Andrea Palladio (1508–1580) is considered among the most
significant and influential architects in the Western world. His clean, elegant interpretation of the
architecture of classical antiquity was to spread throughout Europe and North America, and his finished
buildings, drawings, and writings have become cultural touchstones.
Now, for the first time in New York, a collection of thirty-one rarely seen
drawings by Palladio from the outstanding collection of the Royal Institute
of British Architects Trust is on view in a special exhibition at The Morgan
Library & Museum entitled Palladio and His Legacy: A Transatlantic Journey,
from April 2 through August 1, 2010.
The drawings, together with Palladio’s architectural texts and pattern books,
highlight the growth of his design sensibility. They range from early studies
and sketches to perfectly executed later drawings of villas and other
commissioned works. Also on view are a number of detailed architectural
models, demonstrating the spread of Palladio’s architectural theories to
America, most notably in the work of Thomas Jefferson and in designs for
monumental buildings in Washington, DC.
“The Morgan is delighted to partner with the Royal Institute of
British Architects Trust to present this magnificent selection of work
to New Yorkers for the first time,” said William M. Griswold,
director of The Morgan Library & Museum. “Palladio’s drawings
function both as groundbreaking architectural designs and as
extraordinary individual works of art. When combined with his
seminal texts and the beautifully rendered models of his and other
buildings, the exhibition immerses the viewer into the achievements
of an unsurpassed architectural genius.”
Palladio was born in Padua, then part of the Republic of Venice, and
early on worked as a stonecutter in sculpture studios in the Veneto.
He would later be drawn to architecture and studied Roman ruins as
well as the work of the classical author Vitruvius.

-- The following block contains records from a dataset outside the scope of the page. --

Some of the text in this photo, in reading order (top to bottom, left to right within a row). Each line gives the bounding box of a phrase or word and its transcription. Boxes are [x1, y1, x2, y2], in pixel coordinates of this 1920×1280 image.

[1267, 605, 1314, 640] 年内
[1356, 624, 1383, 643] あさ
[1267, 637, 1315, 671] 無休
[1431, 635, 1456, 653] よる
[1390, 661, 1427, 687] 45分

In 1570, Palladio
published his seminal I Quattro Libri dell’Architettura (Four Books on Architecture), which fully lay out his
architectural theory and demonstrate his core beliefs in the beauty and harmony of classical architecture.
Primarily known for his villas and palaces for the aristocracy, Palladio also designed buildings for wealthy
merchants and untitled landowners. These structures include churches, apartment blocks in Venice, and
even barns. Throughout, he was able to incorporate classical design elements while exploiting Renaissanceera
advances in engineering and construction technique.

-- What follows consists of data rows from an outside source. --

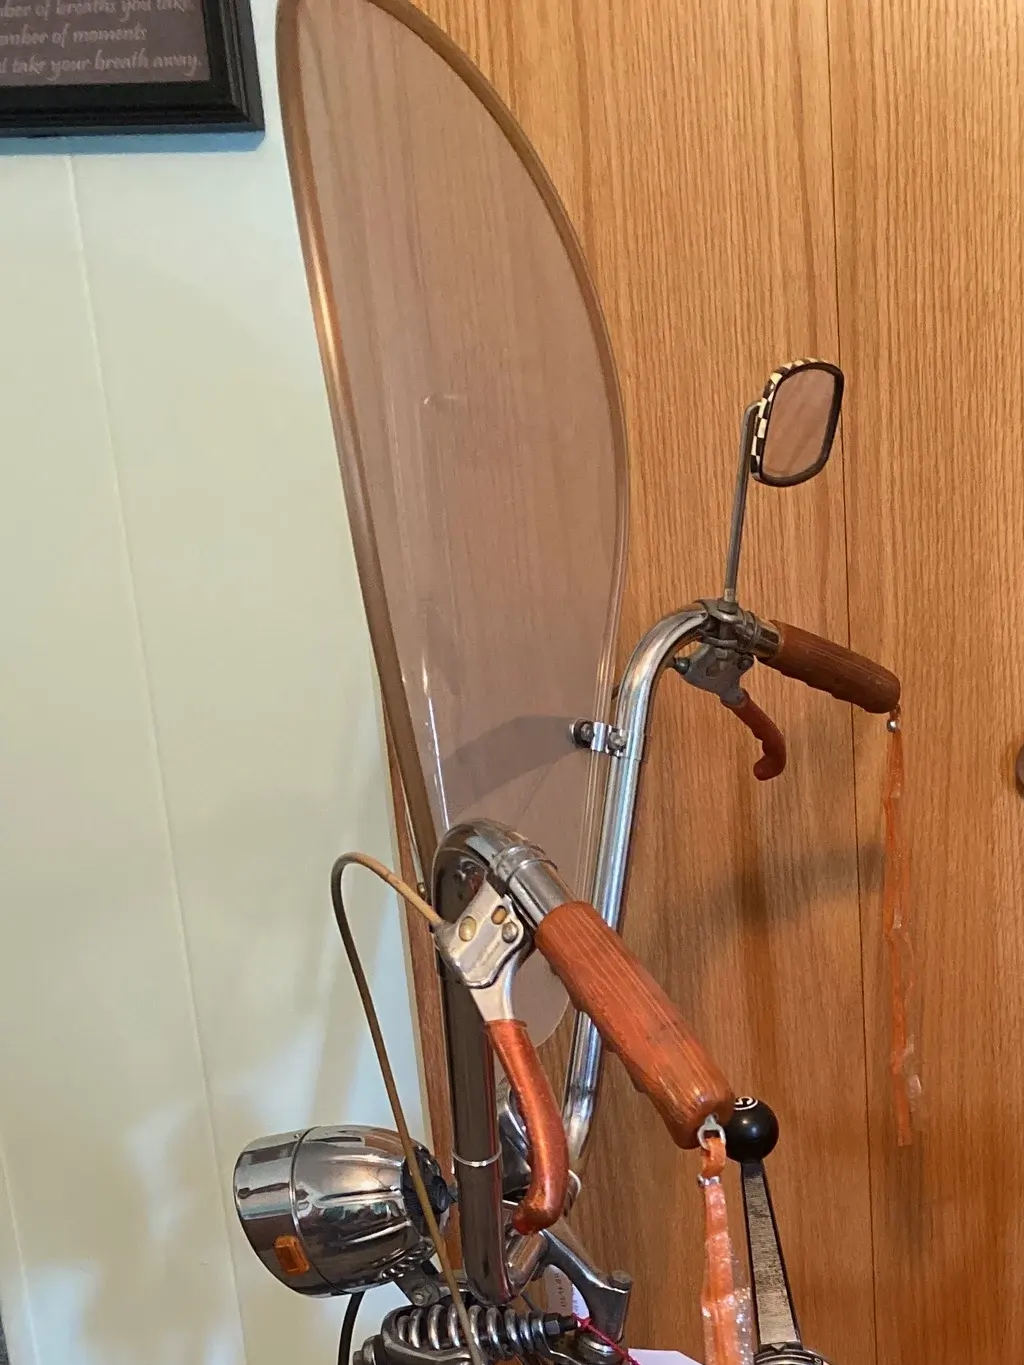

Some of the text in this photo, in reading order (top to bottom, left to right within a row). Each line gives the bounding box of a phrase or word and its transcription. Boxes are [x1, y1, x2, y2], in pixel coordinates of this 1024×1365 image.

[36, 0, 52, 20] of
[119, 0, 151, 22] you
[52, 23, 69, 48] of
[73, 22, 147, 43] moments
[12, 52, 47, 74] take
[46, 59, 92, 81] your
[95, 48, 149, 71] breath
[153, 54, 202, 77] away.

The exhibition begins with five drawings from Palladio’s early career and his intensive study of the
architecture of antiquity. His sketch of the warehouses of Trajan at Ostia shares many design elements found
in his later Basilica in Vincenza. A drawing of the antique bases of columns in the Lateran Basilica shows that
they were intended to add height to preexisting columns that were
too low. He adopted this approach in the interior of the church of
San Giorgio Maggiore in Venice. Assisi’s Temple of Minerva is a
rare example of a classical building with columns on high pedastals.

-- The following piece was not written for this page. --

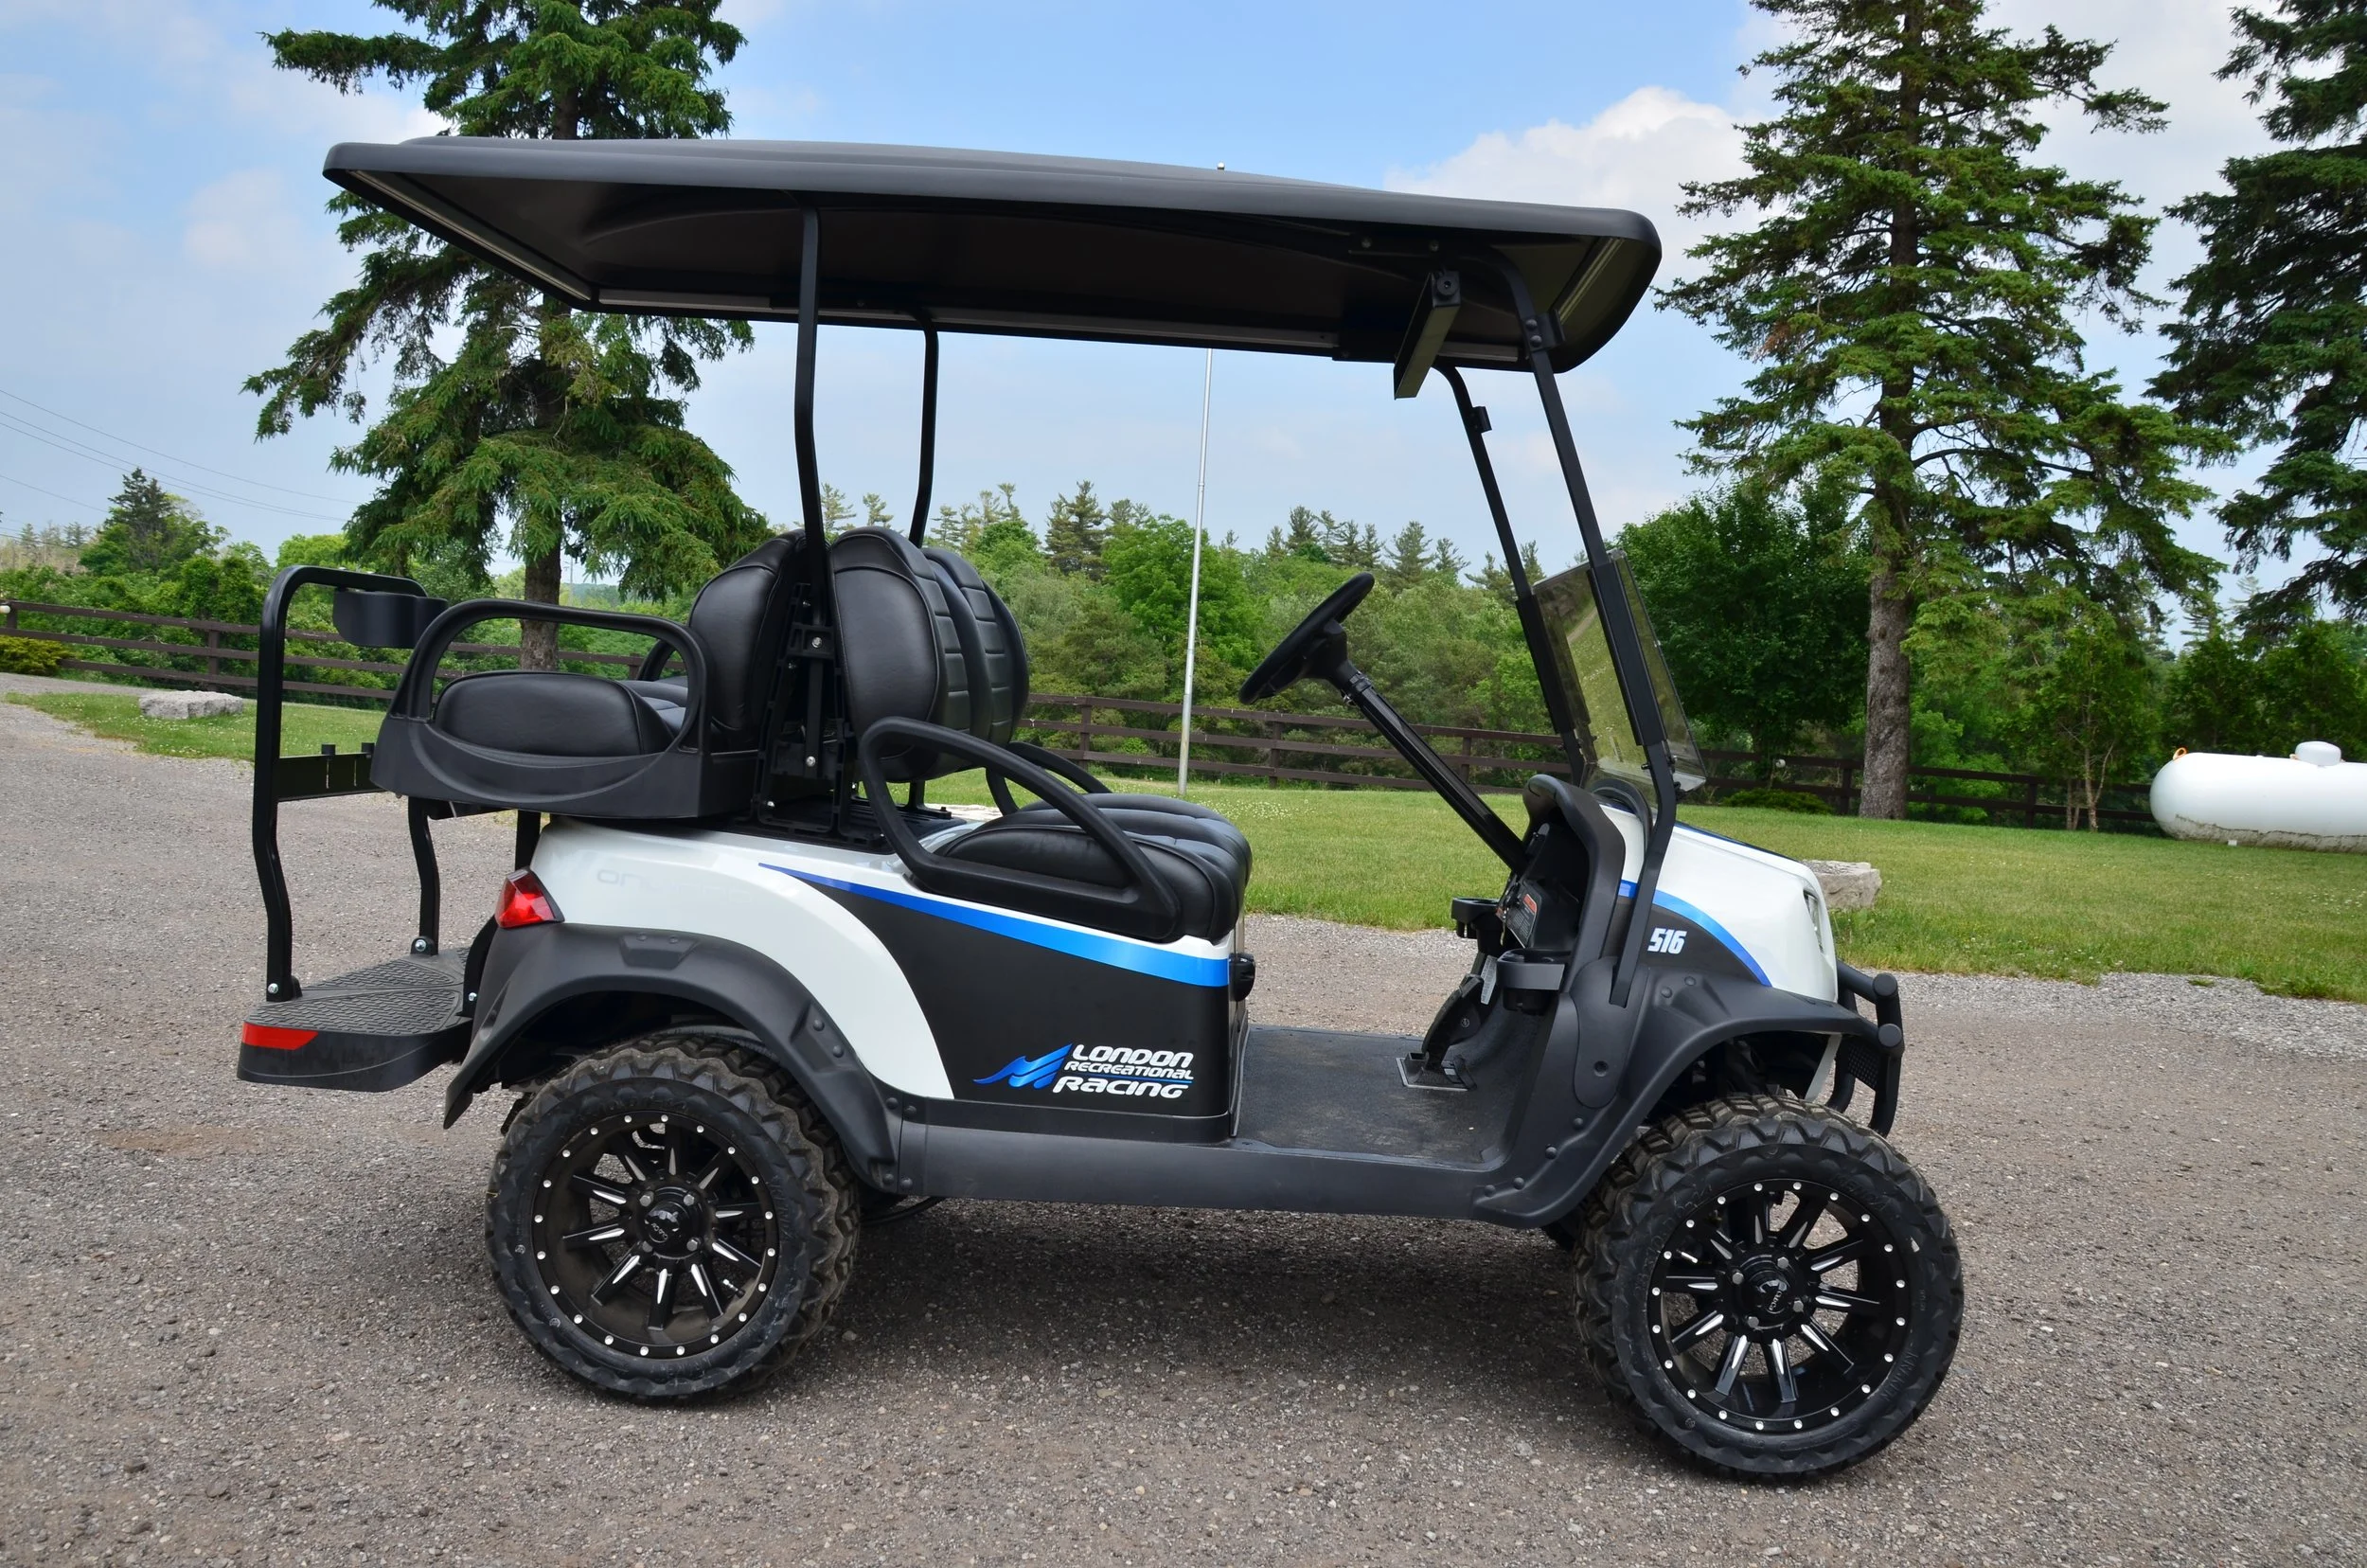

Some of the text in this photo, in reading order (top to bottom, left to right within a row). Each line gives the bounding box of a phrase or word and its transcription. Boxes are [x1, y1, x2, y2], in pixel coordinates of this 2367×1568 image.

Palladio’s study of this temple anticipates his design of the giant
pillars on pedestals at the Palazzo Valmarana. This section of the
exhibition also includes a model of the Pantheon in Rome, which
Palladio measured and found a particular source of inspiration in
terms of proportions and detail.
The only extant Roman text on architecture in Palladio’s day was De
Architectura by Vitruvius, for which the original illustrations had not
survived. Several drawings in this portion of the exhibition demonstrate
how Palladio “interpreted” the text, including a plan and elevation for his
Vitruvian Peripteros Temple.
The exhibition also presents drawings that demonstrate Palladio’s creative
process. On view are rough sketches, with unfinished areas and traces of
earlier ideas, for the Villa Mocenigo and the reconstruction of the
Mausoleum of Augustus. Juxtaposed with these are perfectly executed
drawings made for some of Palladio’s patrons, including an elevation
drawing of a villa that demonstates the effect of sunlight on the building.
Several of the architectural drawings are complemented by modern basreliefs
that express in three dimensions what the drawings represent.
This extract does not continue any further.